Tristan is one of the more successful mimes, used as an industrial spy and corporate agent; he should be close to finishing off his contract and earning the promised 'Selfhood', when his shapeshifting will be disabled and he'll be able to live in the world with all the freedom of a human. But first, he has to do one last big score...
The world is throbbingly punkish, with street slang and dire fates, but manages to not revel in it like many grim'n'dark novels do. Not all of the details of the world are outlined, and so parts of it feel like they're obligatory movie-style action sequences, but it's a grand heist/action/adventure narrative.
Another one of those "you know it must have been good because I read the entire thing cover to cover all over again and not a single word I read rang a single bell, despite apparently reading it - AND LIKING IT - at some point in the past."
Anyway, still true. With a story that's literally about body dysmorphia (a body that morphs), I'm impressed that this didn't come out nearly as transphobic as it could've. There's a tiny bit of that weird "men are obsessed with sexualizing themselves as women" thing that's always an odd trope in these sorts of storylines, but by and large this is an easy sci fi beach read type deal.
This is a strange tale of “mimes” who have adjustable DNA that can be “rewritten” to turn the mime into another person or a person/animal hybrid. Mimes are viewed as cheap and easily replaced labor.

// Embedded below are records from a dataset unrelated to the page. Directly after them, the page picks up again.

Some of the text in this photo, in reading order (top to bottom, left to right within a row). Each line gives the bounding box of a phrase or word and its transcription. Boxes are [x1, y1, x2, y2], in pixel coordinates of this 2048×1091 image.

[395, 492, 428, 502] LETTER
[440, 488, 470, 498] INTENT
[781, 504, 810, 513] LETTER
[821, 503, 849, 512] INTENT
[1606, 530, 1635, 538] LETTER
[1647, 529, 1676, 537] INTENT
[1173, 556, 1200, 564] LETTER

Their world is controlled by Gloms (conglomerates) that own the mimes and just about anything else that can be owned. Escaped mimes create Proteus, a group working to free mimes. The strange thing is I read this book years ago and as I read through it again, I found myself remembering things but not everything. It is an amazing story and well worth reading or even re-reading.

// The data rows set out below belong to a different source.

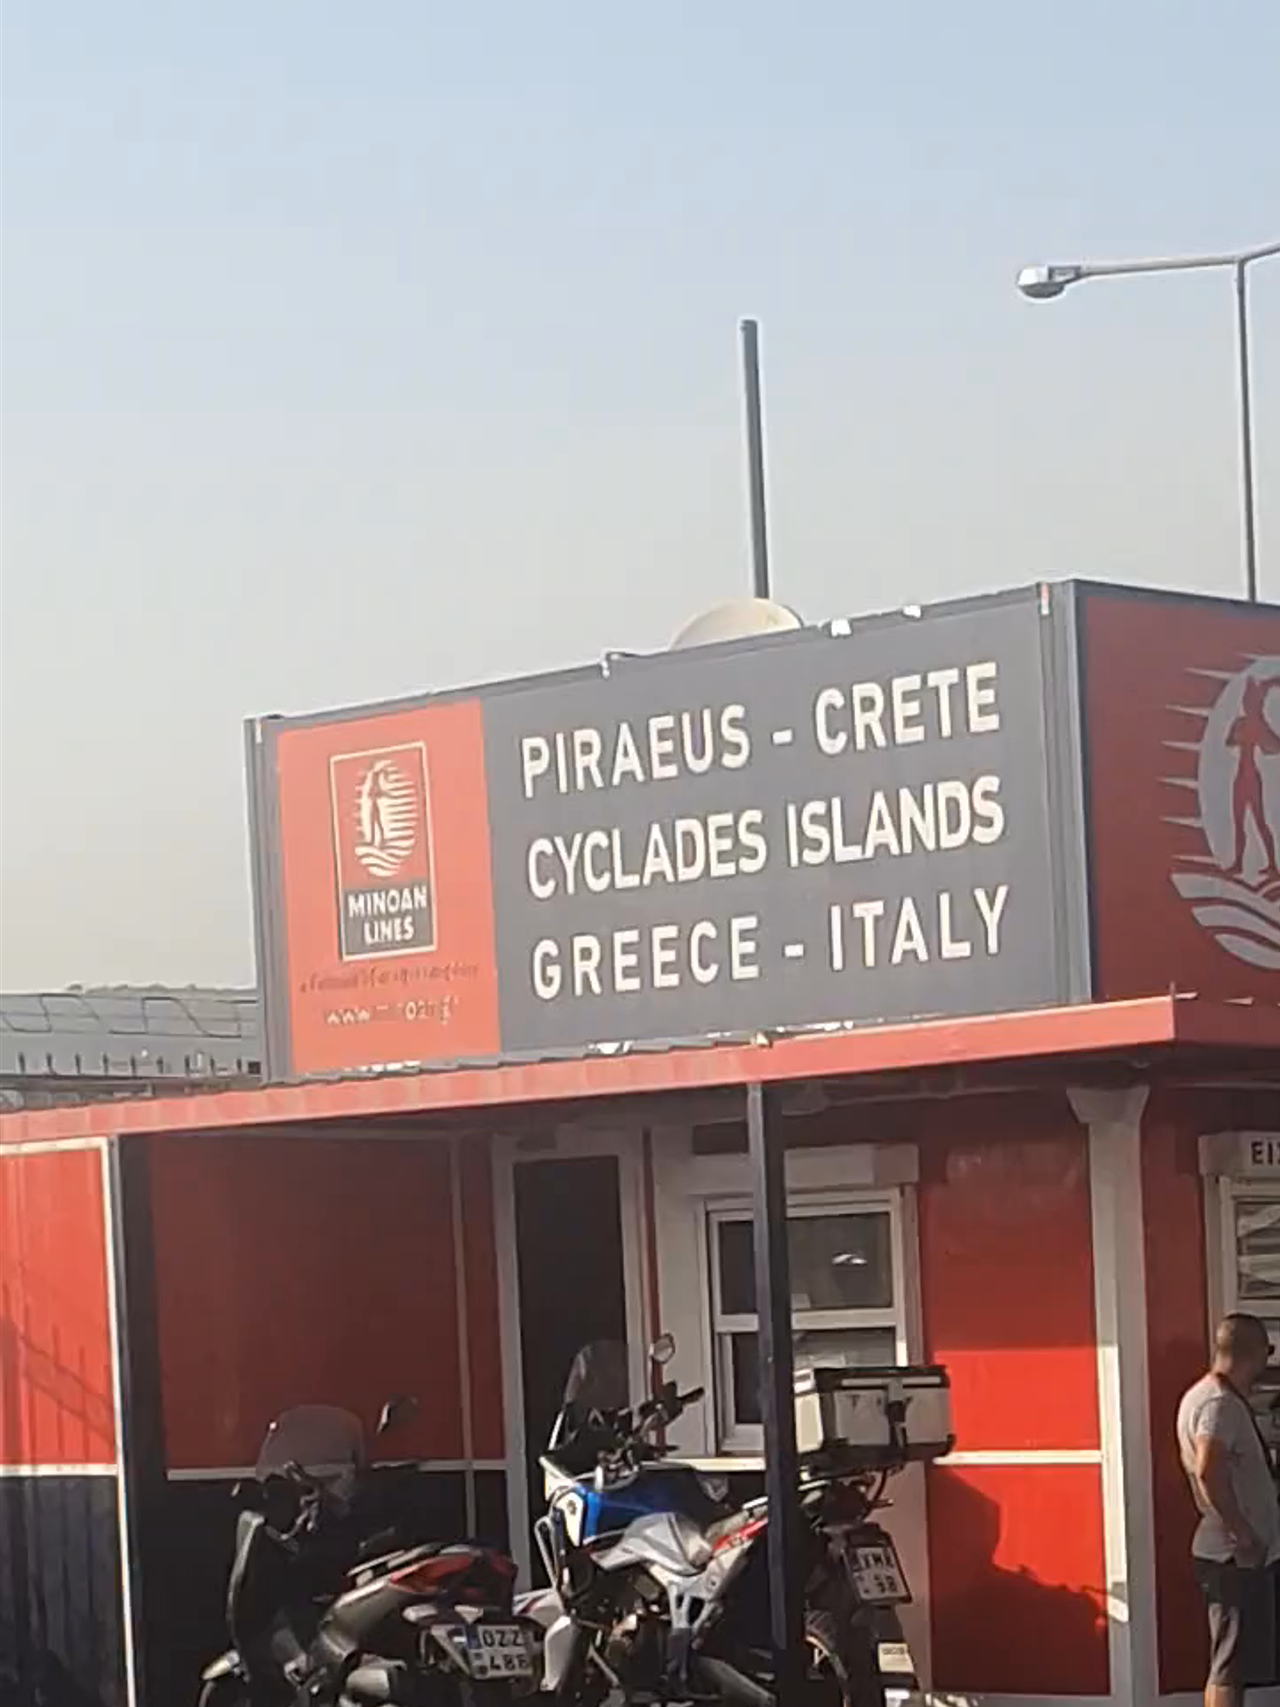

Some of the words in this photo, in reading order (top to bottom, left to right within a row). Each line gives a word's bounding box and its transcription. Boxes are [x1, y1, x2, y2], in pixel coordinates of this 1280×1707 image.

[521, 703, 751, 799] PIRAEUS
[815, 661, 1000, 755] CRETE
[528, 809, 768, 899] CYCLADES
[787, 774, 1005, 868] ISLANDS
[347, 885, 428, 918] MINOAN
[363, 915, 415, 945] LINES
[533, 914, 760, 1000] GREECE
[830, 884, 1009, 971] ITALY
[482, 1629, 524, 1647] OZZ
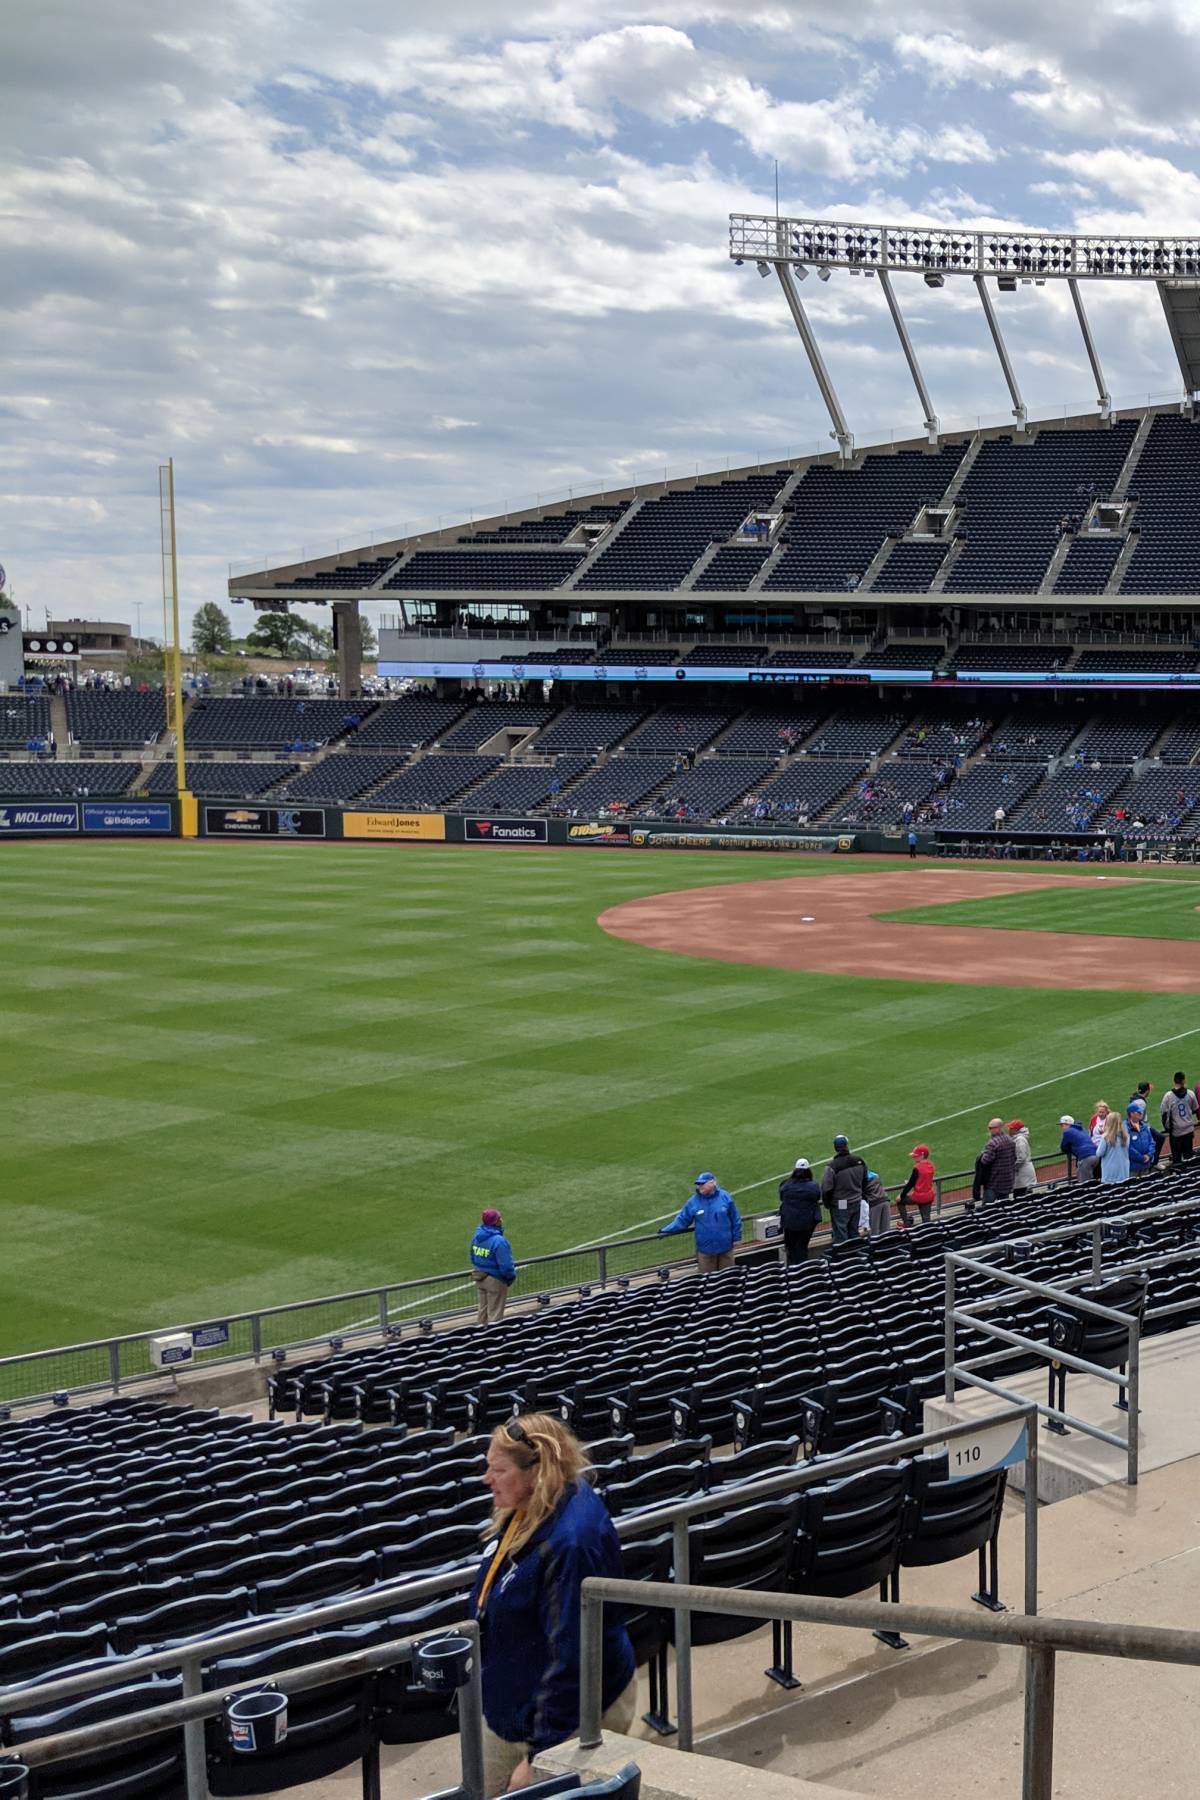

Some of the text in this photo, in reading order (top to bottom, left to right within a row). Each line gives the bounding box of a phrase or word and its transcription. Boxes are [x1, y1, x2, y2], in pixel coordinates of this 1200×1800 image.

[15, 812, 75, 824] MOLottery
[115, 816, 150, 826] Ballpark
[367, 817, 420, 827] Edward Jones
[493, 826, 536, 838] Fanatics
[651, 835, 676, 845] JOHN
[472, 1245, 490, 1258] TAFF
[956, 1446, 980, 1466] 110

I picked this up after reading Paul Wilson's blog about having conceived of the shape-shifters in the TV show, Fringe. Basically, a shape shifter is deceived into delivering a virus that wipes out his fellow mimes by a competing corporate state (flagge.) While there is heroism and a decent love story, protaginst Tristan becomes part of the freedom movement for mimes, led by "mother" Okasan. Strongly prefer Wilson's Repairman Jack series.
Not bad. Suffers from the "tying up loose ends" syndrome, where the writer makes some strange leaps in an effort to sum things up. Also, just some elements of the story tend toward the cheesy side, the dialogue in particular. I do appreciate that the characters are (mostly) likeable and as relatable as you could expect in a sci-fi work. As the story goes on, it tended to leave me asking who this was written for, as it was adult oriented at one moment and much younger the next.

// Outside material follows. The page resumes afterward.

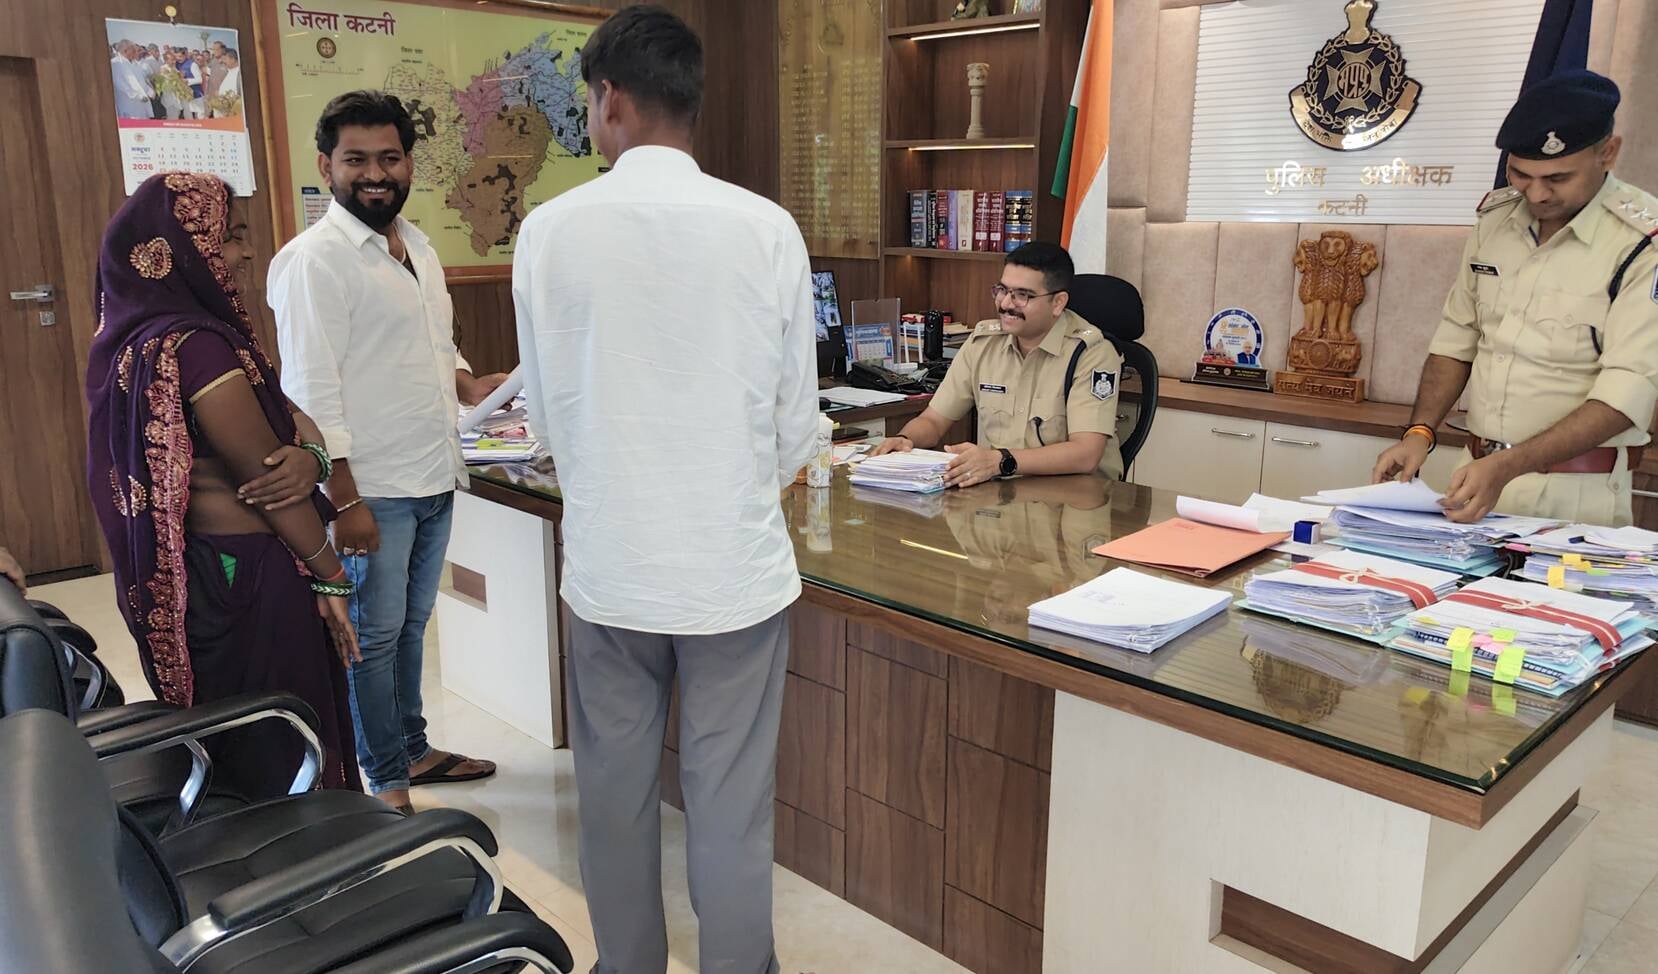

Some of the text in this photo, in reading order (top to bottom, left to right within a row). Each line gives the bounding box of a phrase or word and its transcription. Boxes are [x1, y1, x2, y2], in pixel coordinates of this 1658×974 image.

[286, 2, 396, 36] जिला कटनी
[132, 163, 154, 171] 2026
[1264, 157, 1454, 196] पुलिस अधीक्षक
[1317, 194, 1369, 216] कटनी

I really enjoyed this book. It sort of reminded me of a cross of Blade Runner and Snowcrash but a then it was very different at the same time. The characters were good and the authors kept my attention and the pages turning. I liked the mimes, futuristic shapeshifters. Kind of cyberpunkish as well. Cool stuff!
A very good read. A dystopian future with a little cyberpunk. People called mimes use disks to shapeshift. This book has a unique take on shapeshifters.